The GSK461364 PLK1 inhibitor exhibits strong antitumoral activity in preclinical neuroblastoma models

Abstract
Polo-like kinase 1 (PLK1) is a serine/threonine kinase that facilitates the transition from G2 to M phase of the cell cycle. It is overexpressed in high-risk neuroblastomas and is associated with poor patient outcomes. Recent studies, including our own, have highlighted PLK1 as a promising drug target for neuroblastoma, with the PLK1 inhibitor BI2536 demonstrating anti-tumor activity in preclinical models. In this study, we evaluated the effects of GSK461364, a competitive ATP-binding inhibitor of PLK1, on key tumorigenic properties in preclinical in vitro and in vivo neuroblastoma models.
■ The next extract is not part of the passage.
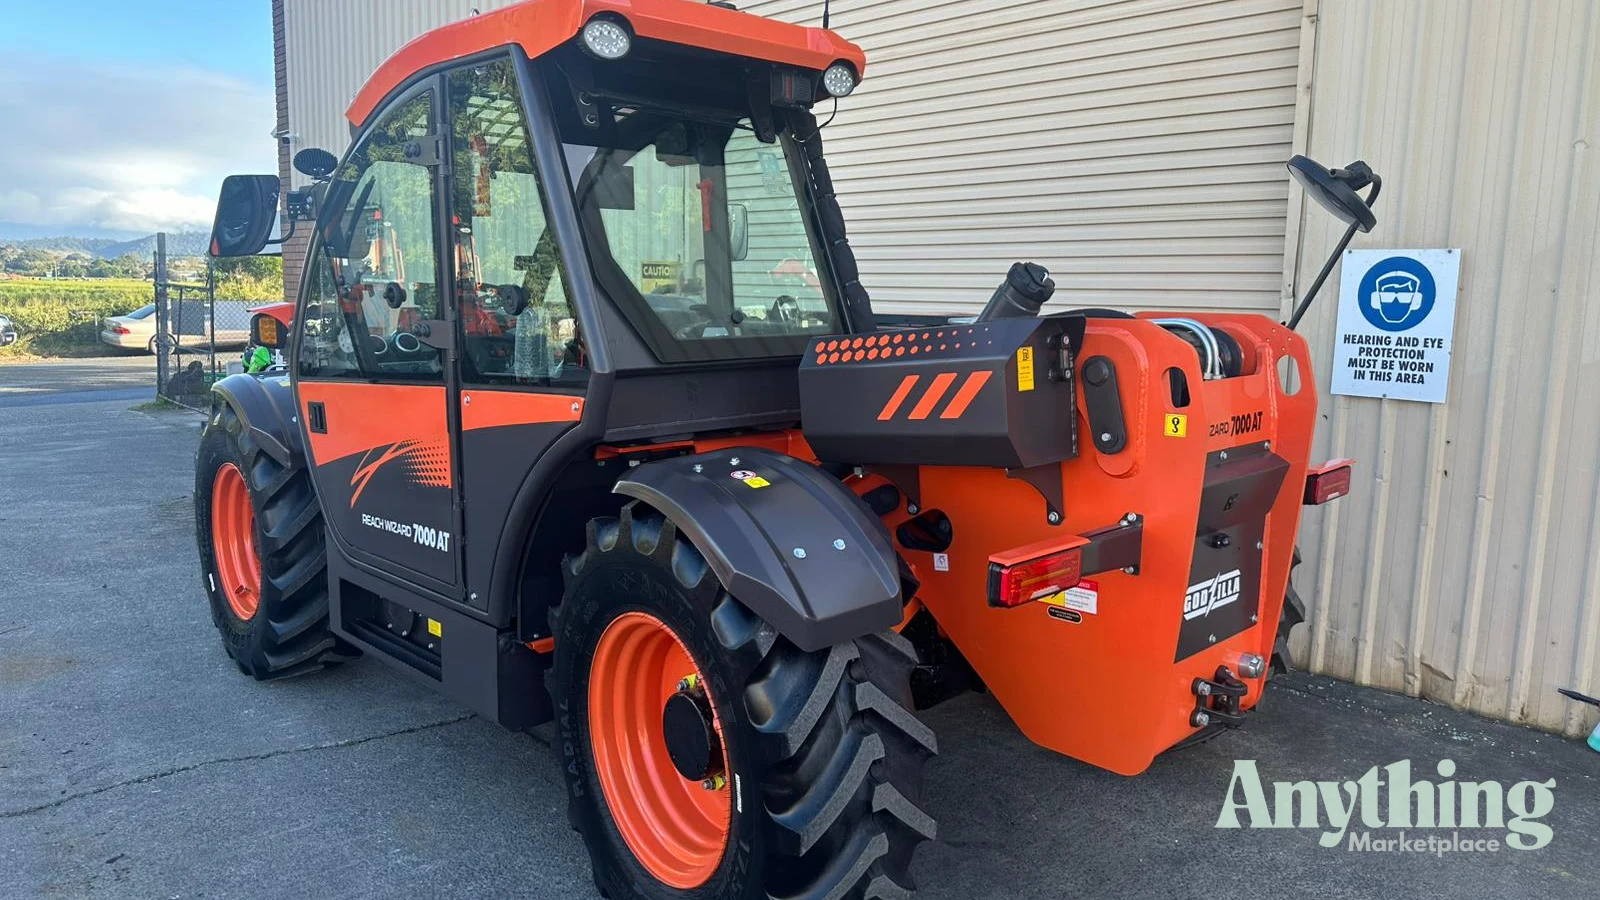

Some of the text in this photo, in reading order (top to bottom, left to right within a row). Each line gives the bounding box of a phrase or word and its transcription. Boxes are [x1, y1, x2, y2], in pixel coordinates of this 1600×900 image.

Treatment with GSK461364 led to decreased cell viability and proliferation, cell cycle arrest, and a significant increase in apoptosis, all at low nanomolar concentrations and regardless of MYCN copy number status. Furthermore, GSK461364 significantly delayed tumor growth in established xenografts in nude mice and increased survival time for treated animals. These preclinical results suggest that PLK1 inhibitors could be a viable treatment option for patients with high-risk or relapsed neuroblastomas characterized by elevated PLK1 GSK461364 expression and warrant consideration for early-phase clinical trials in pediatric populations.